▶ **Requirement**: The records that follow are to be repeated exactly, with the pictures removed.

Images for object localization:

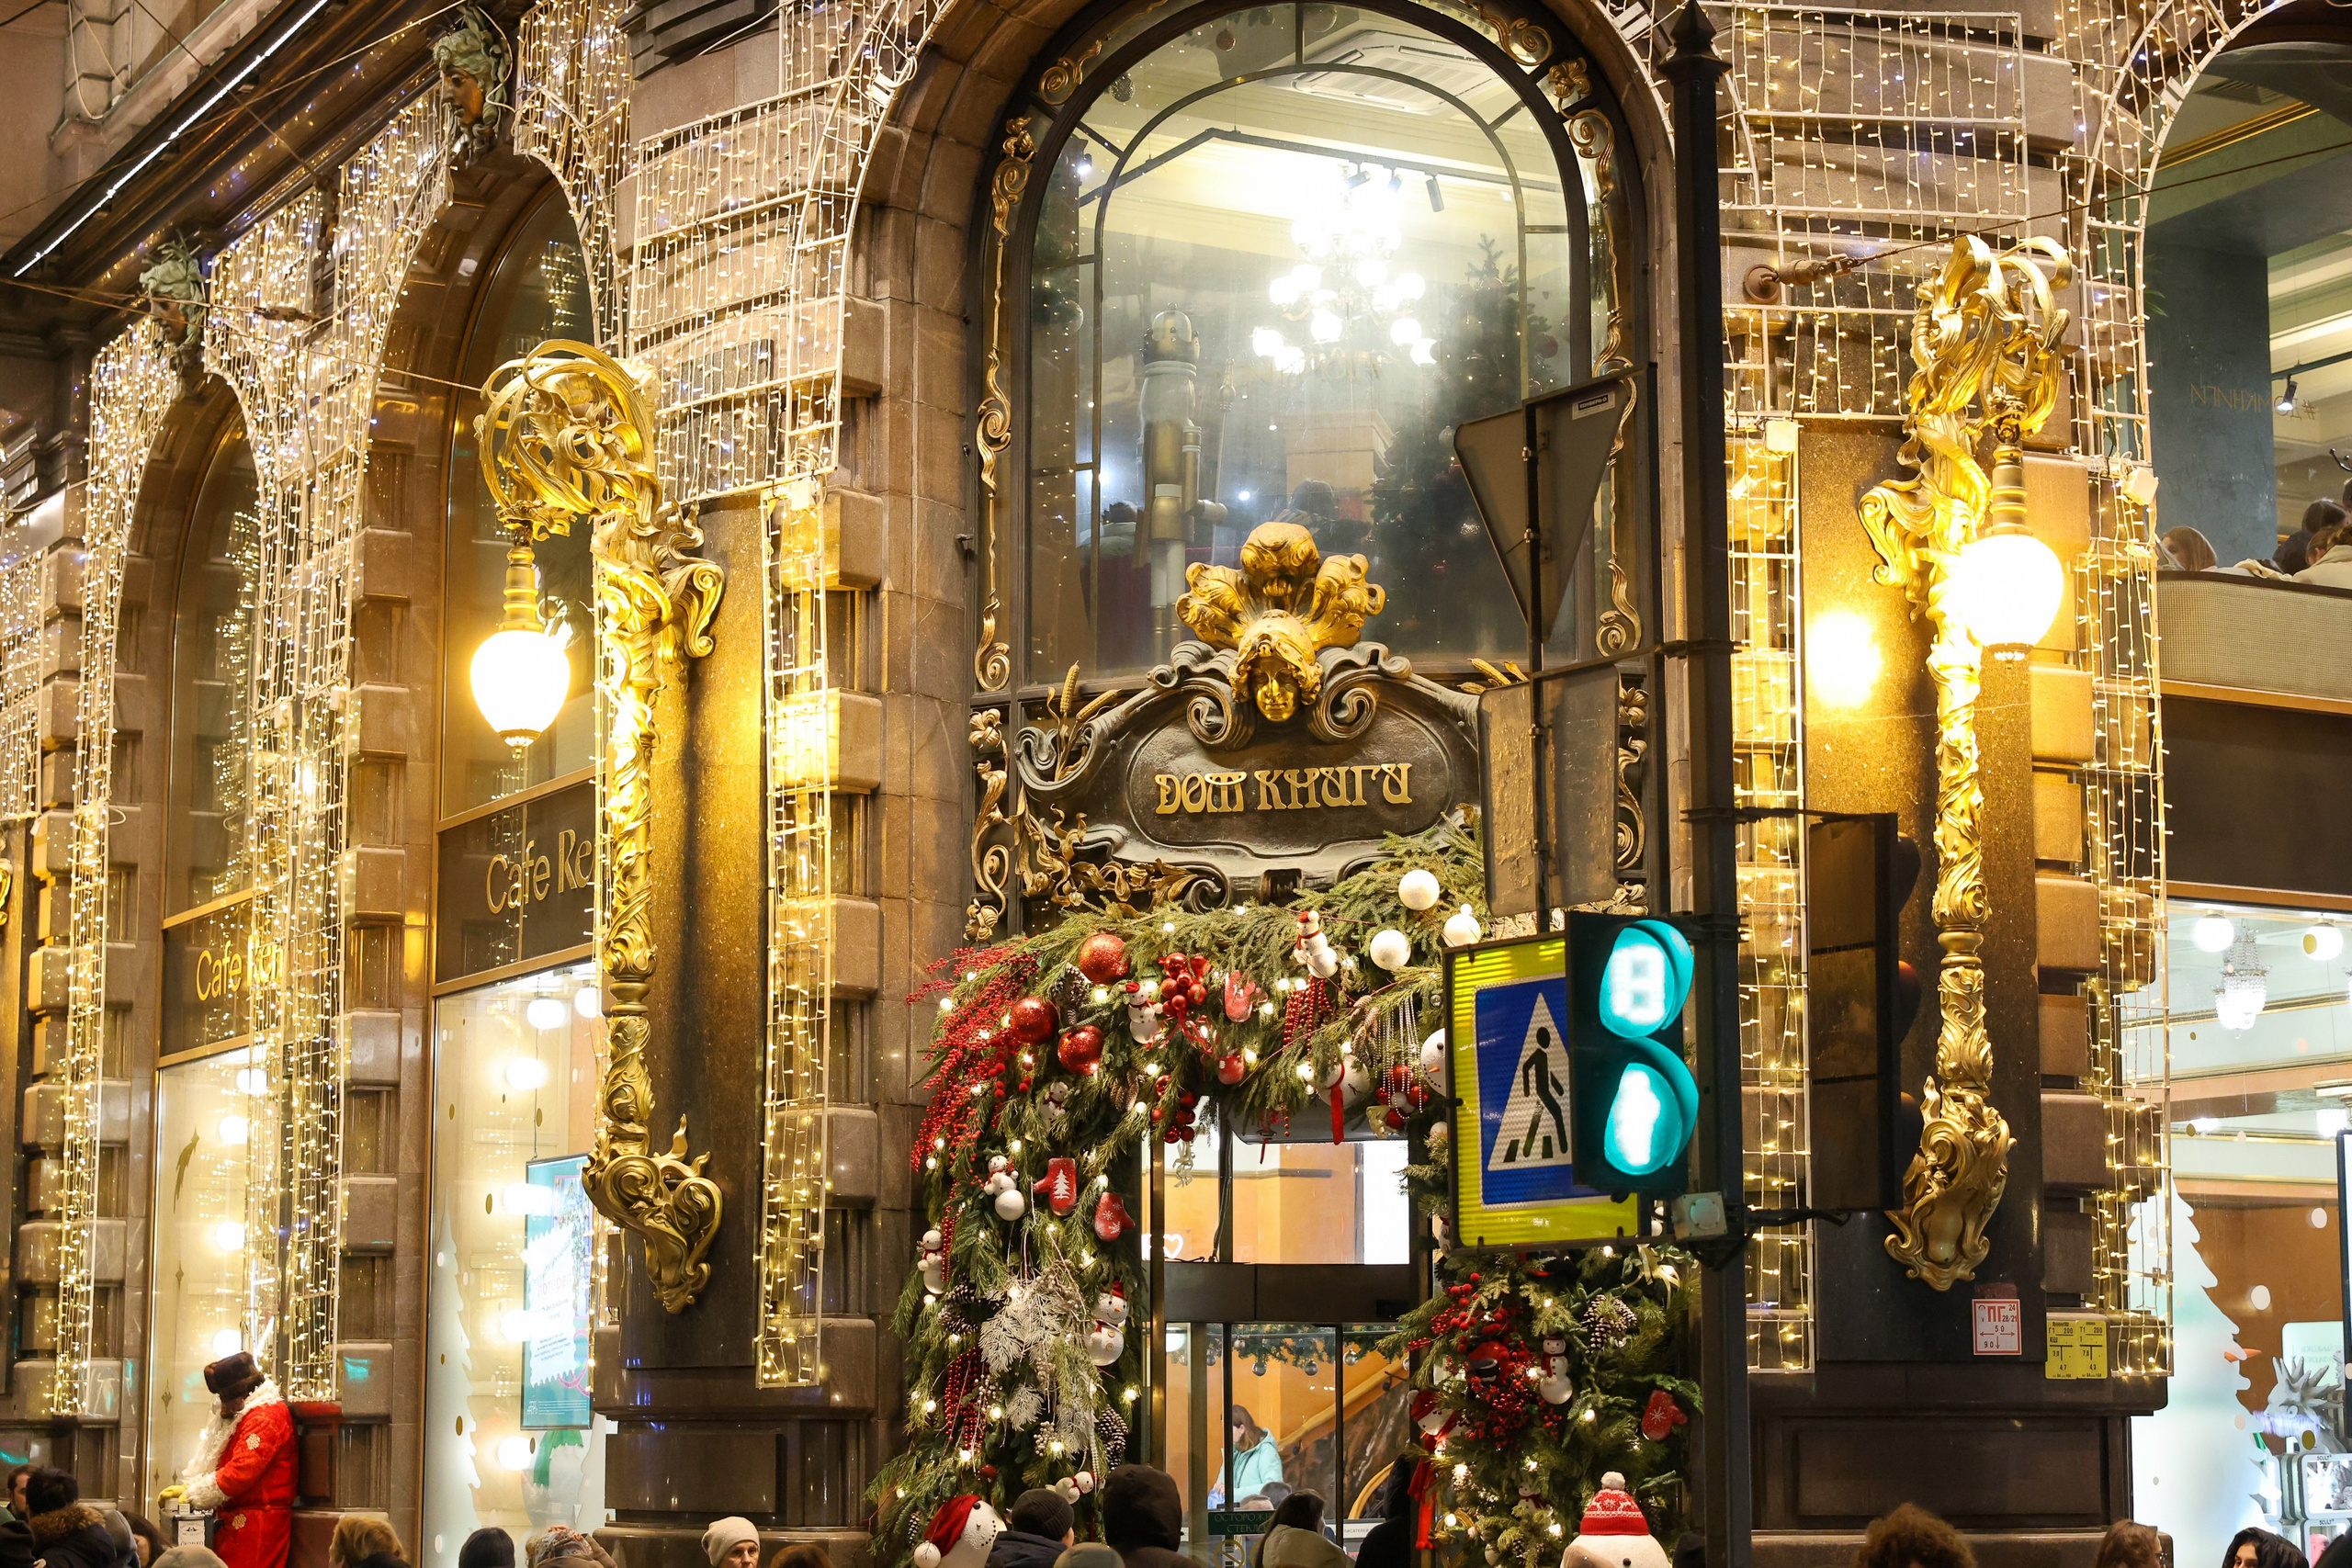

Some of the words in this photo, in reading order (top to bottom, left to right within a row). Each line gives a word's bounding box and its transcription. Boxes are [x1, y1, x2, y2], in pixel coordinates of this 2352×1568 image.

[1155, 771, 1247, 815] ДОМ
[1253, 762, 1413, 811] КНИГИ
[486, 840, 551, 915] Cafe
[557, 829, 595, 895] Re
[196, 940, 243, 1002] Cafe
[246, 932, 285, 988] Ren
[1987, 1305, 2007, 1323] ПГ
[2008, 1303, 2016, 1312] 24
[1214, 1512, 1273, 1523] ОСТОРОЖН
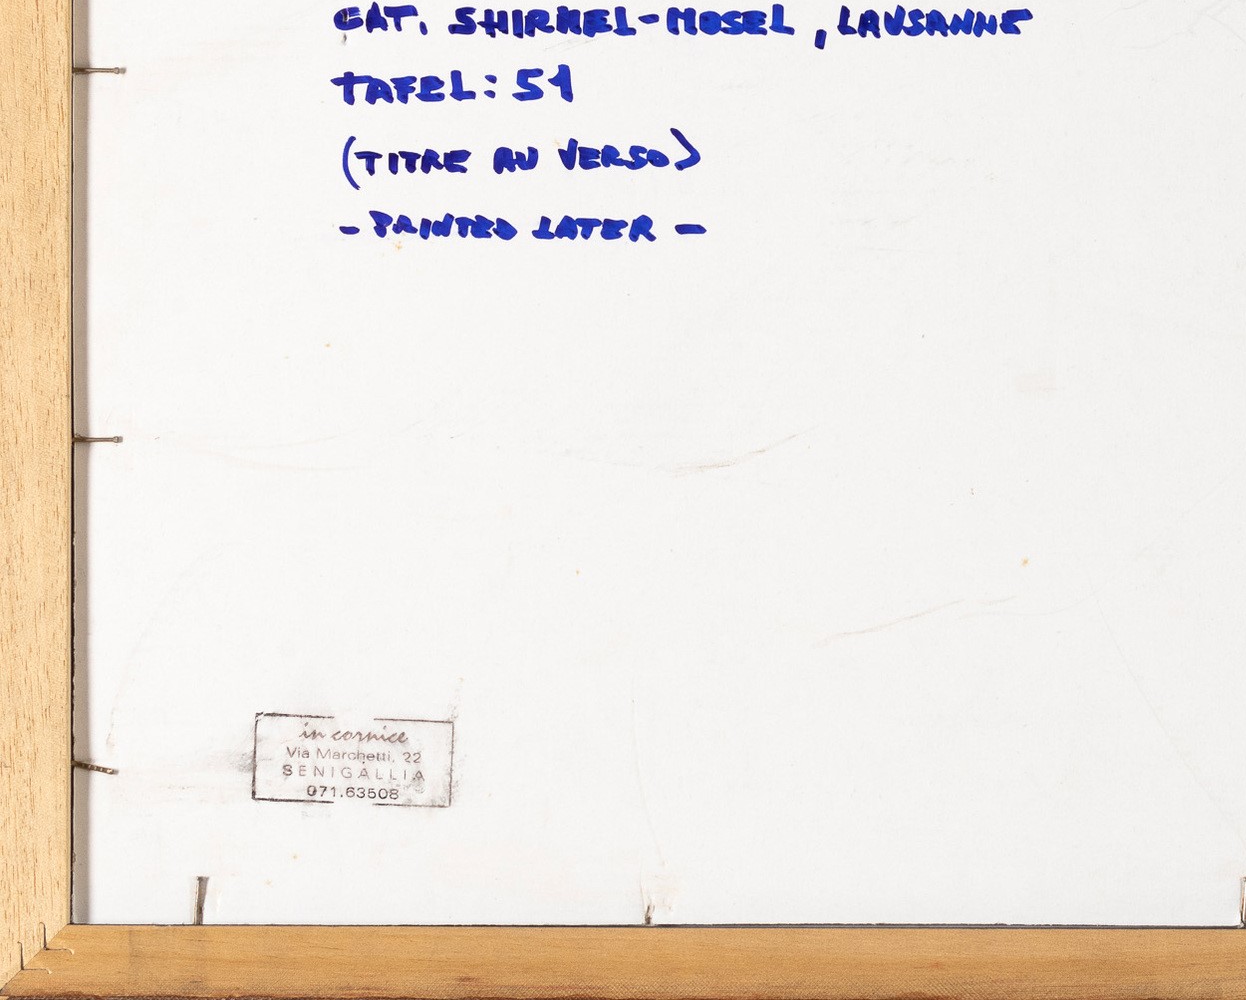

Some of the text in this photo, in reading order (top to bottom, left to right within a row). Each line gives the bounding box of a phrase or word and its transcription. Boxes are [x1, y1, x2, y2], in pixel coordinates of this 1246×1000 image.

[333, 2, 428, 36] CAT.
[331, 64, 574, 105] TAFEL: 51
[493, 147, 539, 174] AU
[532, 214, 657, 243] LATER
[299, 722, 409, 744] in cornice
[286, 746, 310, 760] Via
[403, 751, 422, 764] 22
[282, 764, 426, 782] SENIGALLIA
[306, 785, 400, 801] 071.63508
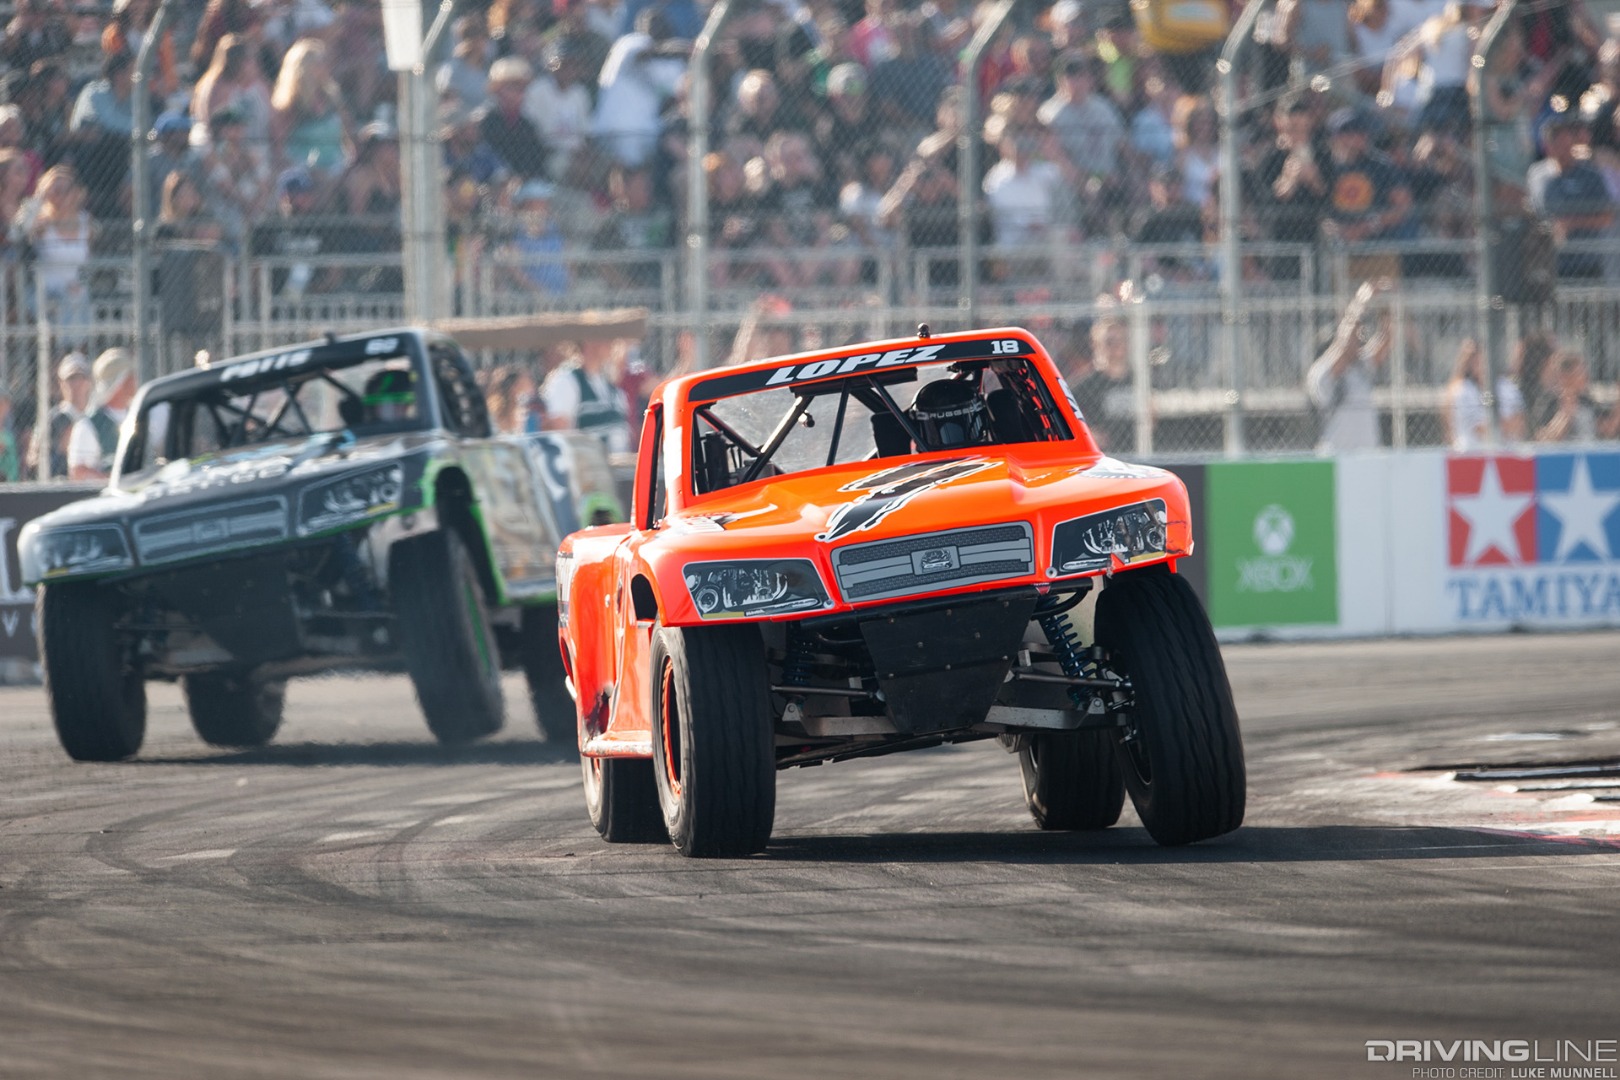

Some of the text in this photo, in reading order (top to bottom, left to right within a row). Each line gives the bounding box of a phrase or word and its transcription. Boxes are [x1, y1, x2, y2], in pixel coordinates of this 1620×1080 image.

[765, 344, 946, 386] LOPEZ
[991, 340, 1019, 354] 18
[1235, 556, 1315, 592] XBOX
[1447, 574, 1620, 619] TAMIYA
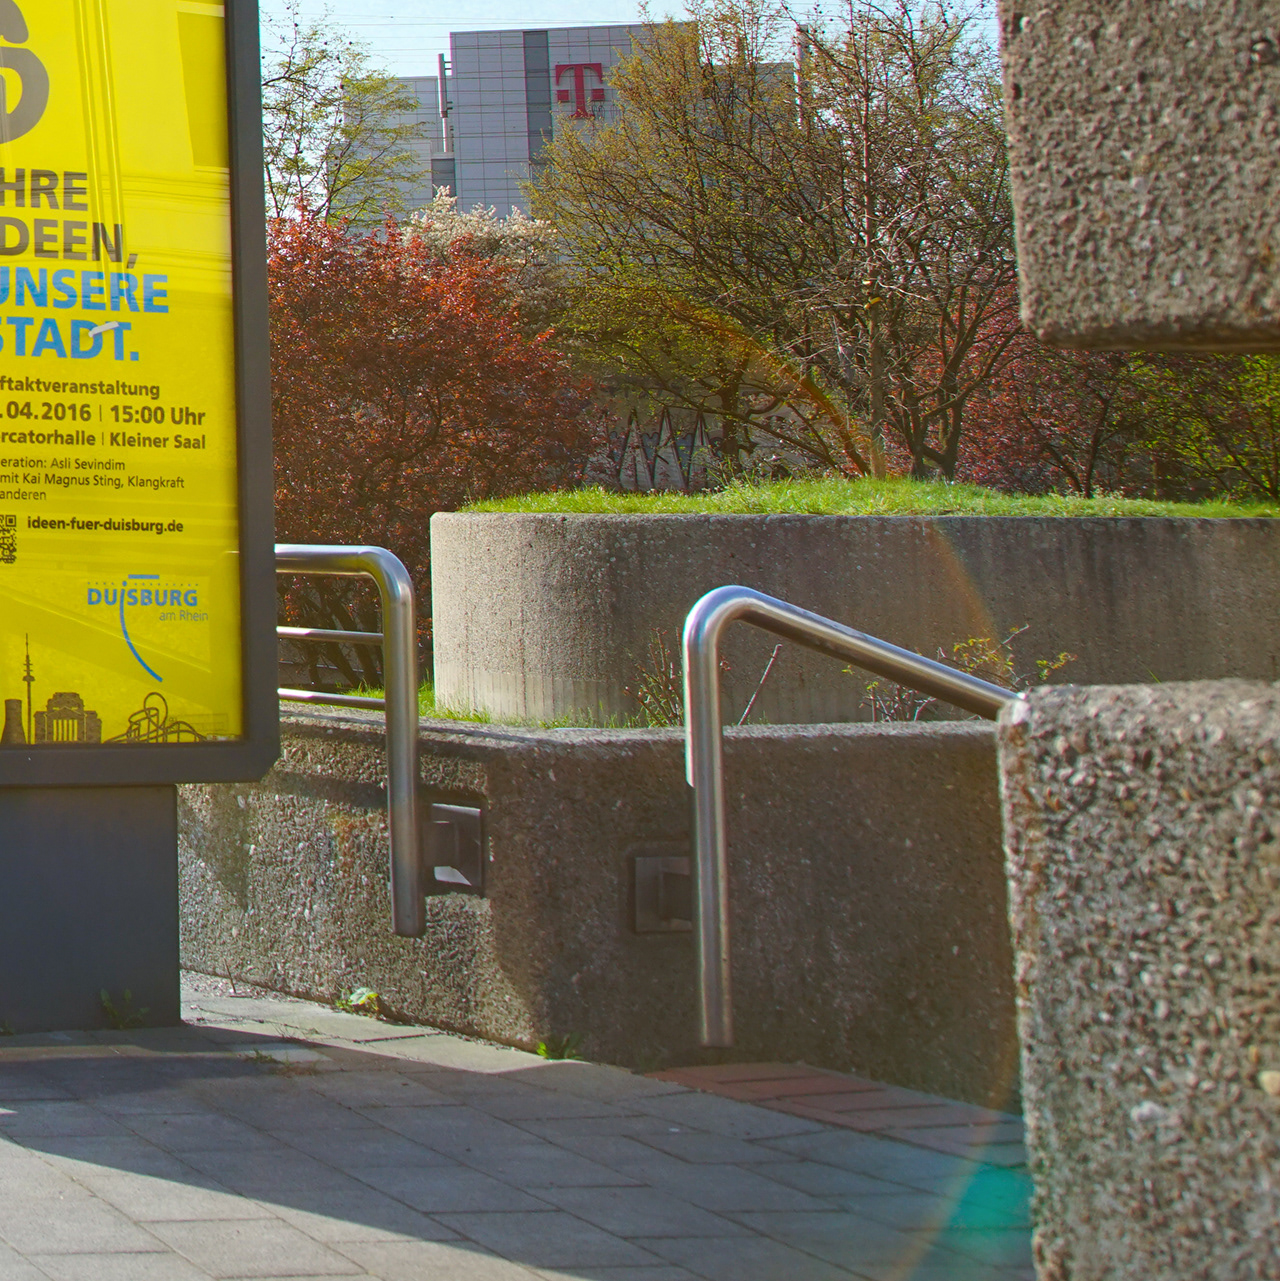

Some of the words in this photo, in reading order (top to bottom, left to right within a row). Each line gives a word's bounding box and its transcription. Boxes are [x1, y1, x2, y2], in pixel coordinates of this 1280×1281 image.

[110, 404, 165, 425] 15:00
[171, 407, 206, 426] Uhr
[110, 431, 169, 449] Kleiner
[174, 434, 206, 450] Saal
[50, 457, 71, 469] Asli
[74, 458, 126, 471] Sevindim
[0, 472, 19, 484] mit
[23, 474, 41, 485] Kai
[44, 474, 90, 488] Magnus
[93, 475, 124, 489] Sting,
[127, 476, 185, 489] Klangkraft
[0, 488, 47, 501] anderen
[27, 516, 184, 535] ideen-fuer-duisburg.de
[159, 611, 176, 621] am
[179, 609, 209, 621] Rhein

▶ **Solution to the exercise**:
Some of the words in this photo, in reading order (top to bottom, left to right within a row). Each line gives a word's bounding box and its transcription. Boxes are [x1, y1, x2, y2], in pixel coordinates of this 2352×1568 image.

[1155, 771, 1247, 815] ДОМ
[1253, 762, 1413, 811] КНИГИ
[486, 840, 551, 915] Cafe
[557, 829, 595, 895] Re
[196, 940, 243, 1002] Cafe
[246, 932, 285, 988] Ren
[1987, 1305, 2007, 1323] ПГ
[2008, 1303, 2016, 1312] 24
[1214, 1512, 1273, 1523] ОСТОРОЖН

Some of the text in this photo, in reading order (top to bottom, left to right within a row). Each line gives the bounding box of a phrase or word and its transcription. Boxes are [x1, y1, x2, y2], in pixel coordinates of this 1246×1000 image.

[333, 2, 428, 36] CAT.
[331, 64, 574, 105] TAFEL: 51
[493, 147, 539, 174] AU
[532, 214, 657, 243] LATER
[299, 722, 409, 744] in cornice
[286, 746, 310, 760] Via
[403, 751, 422, 764] 22
[282, 764, 426, 782] SENIGALLIA
[306, 785, 400, 801] 071.63508

Some of the text in this photo, in reading order (top to bottom, left to right within a row). Each line gives the bounding box of a phrase or word and its transcription. Boxes are [x1, y1, x2, y2], in pixel coordinates of this 1620×1080 image.

[765, 344, 946, 386] LOPEZ
[991, 340, 1019, 354] 18
[1235, 556, 1315, 592] XBOX
[1447, 574, 1620, 619] TAMIYA

Some of the words in this photo, in reading order (top to bottom, left to right within a row). Each line gives a word's bounding box and its transcription. Boxes are [x1, y1, x2, y2], in pixel coordinates of this 1280×1281 image.

[110, 404, 165, 425] 15:00
[171, 407, 206, 426] Uhr
[110, 431, 169, 449] Kleiner
[174, 434, 206, 450] Saal
[50, 457, 71, 469] Asli
[74, 458, 126, 471] Sevindim
[0, 472, 19, 484] mit
[23, 474, 41, 485] Kai
[44, 474, 90, 488] Magnus
[93, 475, 124, 489] Sting,
[127, 476, 185, 489] Klangkraft
[0, 488, 47, 501] anderen
[27, 516, 184, 535] ideen-fuer-duisburg.de
[159, 611, 176, 621] am
[179, 609, 209, 621] Rhein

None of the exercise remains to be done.